_Work to be completed_. What you print should match the entries exactly, only without the pictures.

*** Opening Supplied information ***

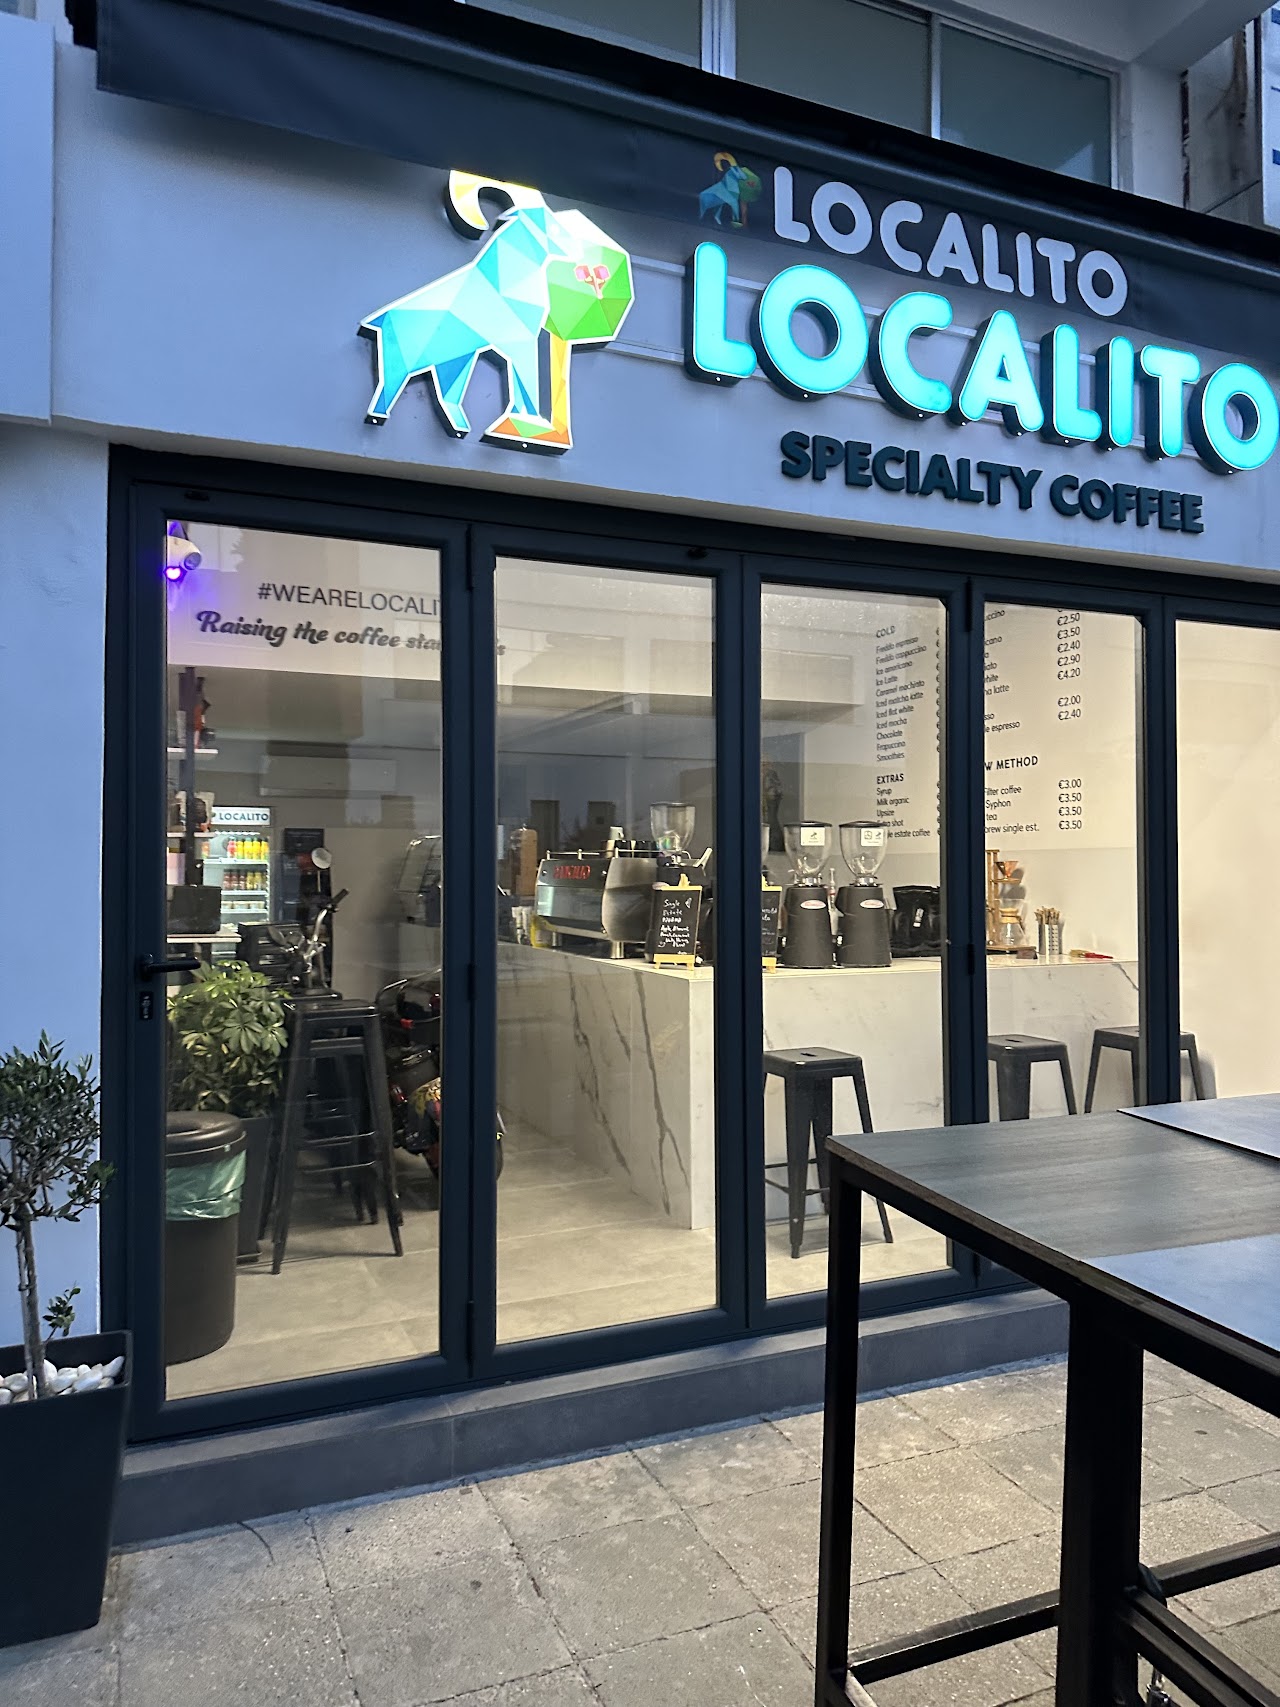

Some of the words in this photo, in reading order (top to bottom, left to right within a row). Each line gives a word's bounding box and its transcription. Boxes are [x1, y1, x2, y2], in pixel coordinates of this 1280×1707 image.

[773, 166, 1128, 317] LOCALITO
[686, 241, 1279, 474] LOCALITO
[780, 430, 1042, 510] SPECIALTY
[1049, 474, 1205, 534] COFFEE
[257, 583, 440, 616] #WEARELOCALI
[1057, 612, 1080, 626] €2.50
[196, 611, 288, 648] Raising
[293, 622, 329, 645] the
[334, 627, 401, 649] coffee
[876, 626, 895, 638] COLD
[1057, 626, 1080, 640] €3.50
[1057, 640, 1081, 653] €2.40
[1057, 653, 1081, 667] €2.90
[1057, 667, 1081, 680] €4.20
[993, 684, 1010, 694] latte
[1057, 694, 1081, 707] €2.00
[1058, 708, 1081, 721] €2.40
[992, 721, 1021, 732] espresso
[996, 756, 1038, 770] METHOD
[877, 773, 904, 784] EXTRAS
[1058, 778, 1082, 789] €3.00
[877, 788, 892, 796] Syrup
[1000, 785, 1022, 795] coffee
[889, 797, 910, 806] organic
[1058, 792, 1082, 803] €3.50
[985, 799, 1011, 810] Syphon
[219, 812, 269, 821] LOCALITO
[1058, 806, 1082, 816] €3.50
[892, 818, 904, 827] shot
[986, 813, 998, 821] tea
[1002, 823, 1024, 834] single
[1025, 823, 1040, 832] est.
[1058, 820, 1082, 830] €3.50
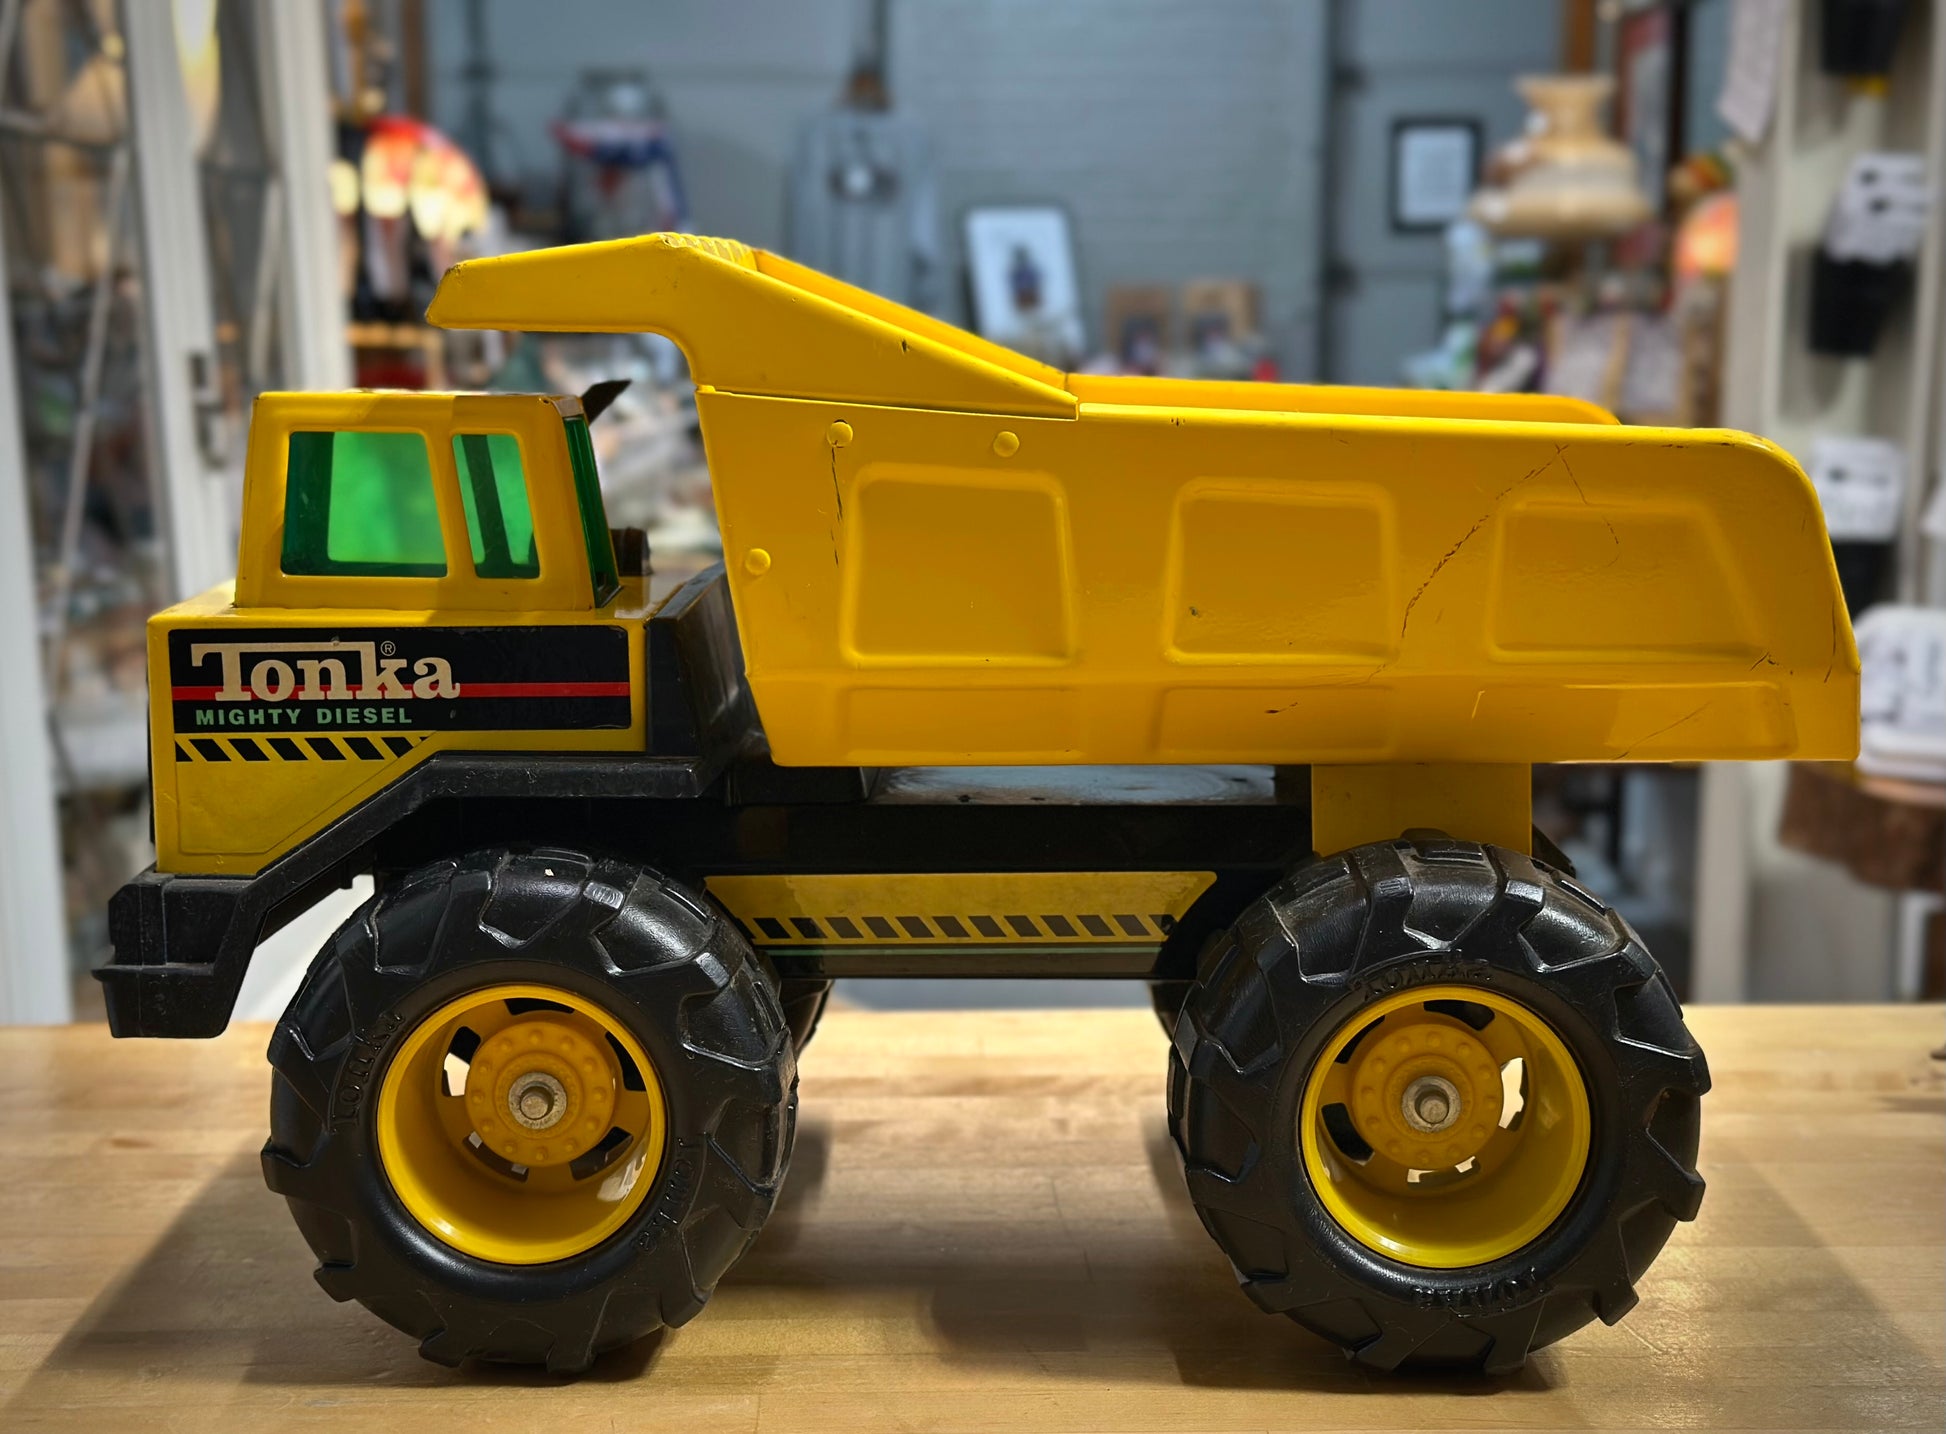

*** Closing Supplied information ***

_Reply to the exercise_.
Some of the words in this photo, in reading order (top to bottom, left to right within a row). Each line gives a word's bounding box and its transcription. Boxes are [x1, y1, x2, y2], in pixel coordinates of this 1280×1707 image.

[773, 166, 1128, 317] LOCALITO
[686, 241, 1279, 474] LOCALITO
[780, 430, 1042, 510] SPECIALTY
[1049, 474, 1205, 534] COFFEE
[257, 583, 440, 616] #WEARELOCALI
[1057, 612, 1080, 626] €2.50
[196, 611, 288, 648] Raising
[293, 622, 329, 645] the
[334, 627, 401, 649] coffee
[876, 626, 895, 638] COLD
[1057, 626, 1080, 640] €3.50
[1057, 640, 1081, 653] €2.40
[1057, 653, 1081, 667] €2.90
[1057, 667, 1081, 680] €4.20
[993, 684, 1010, 694] latte
[1057, 694, 1081, 707] €2.00
[1058, 708, 1081, 721] €2.40
[992, 721, 1021, 732] espresso
[996, 756, 1038, 770] METHOD
[877, 773, 904, 784] EXTRAS
[1058, 778, 1082, 789] €3.00
[877, 788, 892, 796] Syrup
[1000, 785, 1022, 795] coffee
[889, 797, 910, 806] organic
[1058, 792, 1082, 803] €3.50
[985, 799, 1011, 810] Syphon
[219, 812, 269, 821] LOCALITO
[1058, 806, 1082, 816] €3.50
[892, 818, 904, 827] shot
[986, 813, 998, 821] tea
[1002, 823, 1024, 834] single
[1025, 823, 1040, 832] est.
[1058, 820, 1082, 830] €3.50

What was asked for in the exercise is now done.